Schon gut. Dazu musst du nichts sagen. Als KGB-Mitarbeiter in der DDR bekam man einiges mit, was wir jetzt nicht in der Öffentlichkeit breittreten müssen. Ich werde auch nichts über deinen späteren Umgang mit dem ZDF-Führungspersonal erzählen, von dem ich in unseren Akten gelesen habe …

Es macht mir gar nichts aus, darüber zu sprechen: 1992 übernahm ich ja bekanntlich die größte Unterhaltungsshow im deutschen Fernsehen und musste mich an viele Gepflogenheiten im Westen erst noch gewöhnen. Als ich nach meinem ersten »Wetten, dass..?« unter der Mitarbeiter-Dusche stand, habe ich plötzlich etwas Warmes an meinem Oberschenkel gespürt. Der damalige ZDF-Intendant Dieter Stolte hat mich einfach angepinkelt und meinte, das gehöre dazu. Ich sei nun sein Moderator.

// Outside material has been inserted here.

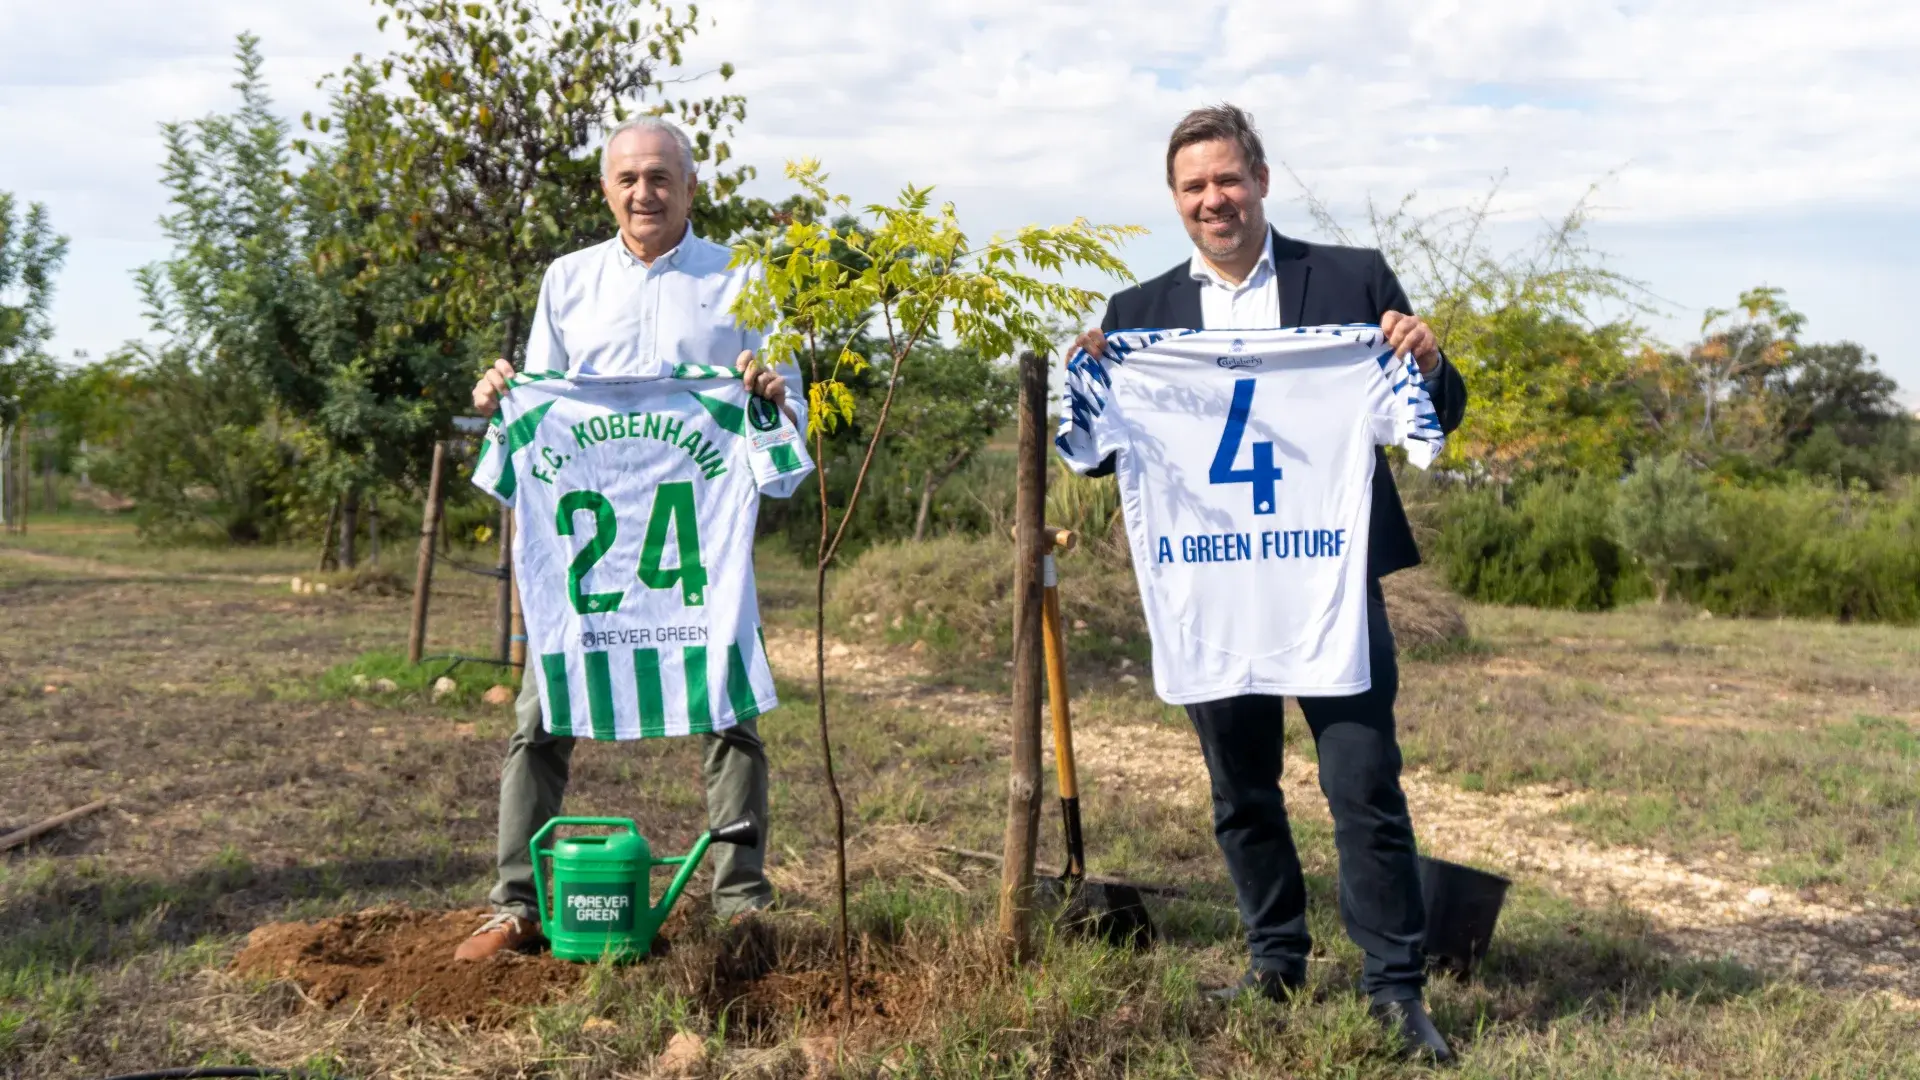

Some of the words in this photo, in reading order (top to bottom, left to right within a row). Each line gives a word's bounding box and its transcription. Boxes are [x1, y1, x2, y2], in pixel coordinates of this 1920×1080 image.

In Russland haben wir mittlerweile Gesetze gegen so etwas …

Nun ja, es war eben eine andere Zeit. Mit meinem heutigen Wissen hätte ich sicherlich anders reagiert. Wenigstens hätte ich meine Anwälte die Verträge checken lassen. Solche Extra-Services hätten sicherlich gesondert honoriert werden müssen.

Heutzutage wissen wir, dass wir ständig auf der Hut sein müssen. Ich habe in meinem langen Politikerleben Dinge erlebt, lieber Lippi, die kannst du dir einfach nicht vorstellen. Das war schon früher anstrengend, aber heute wird alles sogar noch schnelllebiger. Da ist es super wichtig, auch mal die Akkus aufzuladen. Ich verbringe deshalb gerne zwischendurch ein paar Tage in der Natur. Wenn ich die Präsidentenwahl gewinne, möchte ich ein halbes Jahr durch Südost-Asien backpacken. Die Amtsgeschäfte muss dann eben mal der Doppelgänger übernehmen.

Das kann ich gut verstehen. Für mich ist die Moderation von »Riverboat« beim MDR ja schon stressig. Ein Großreich zusammenzuhalten ist sicherlich viel anstrengender. Hast du Tricks, wie du nach einem harten Arbeitstag entspannen kannst?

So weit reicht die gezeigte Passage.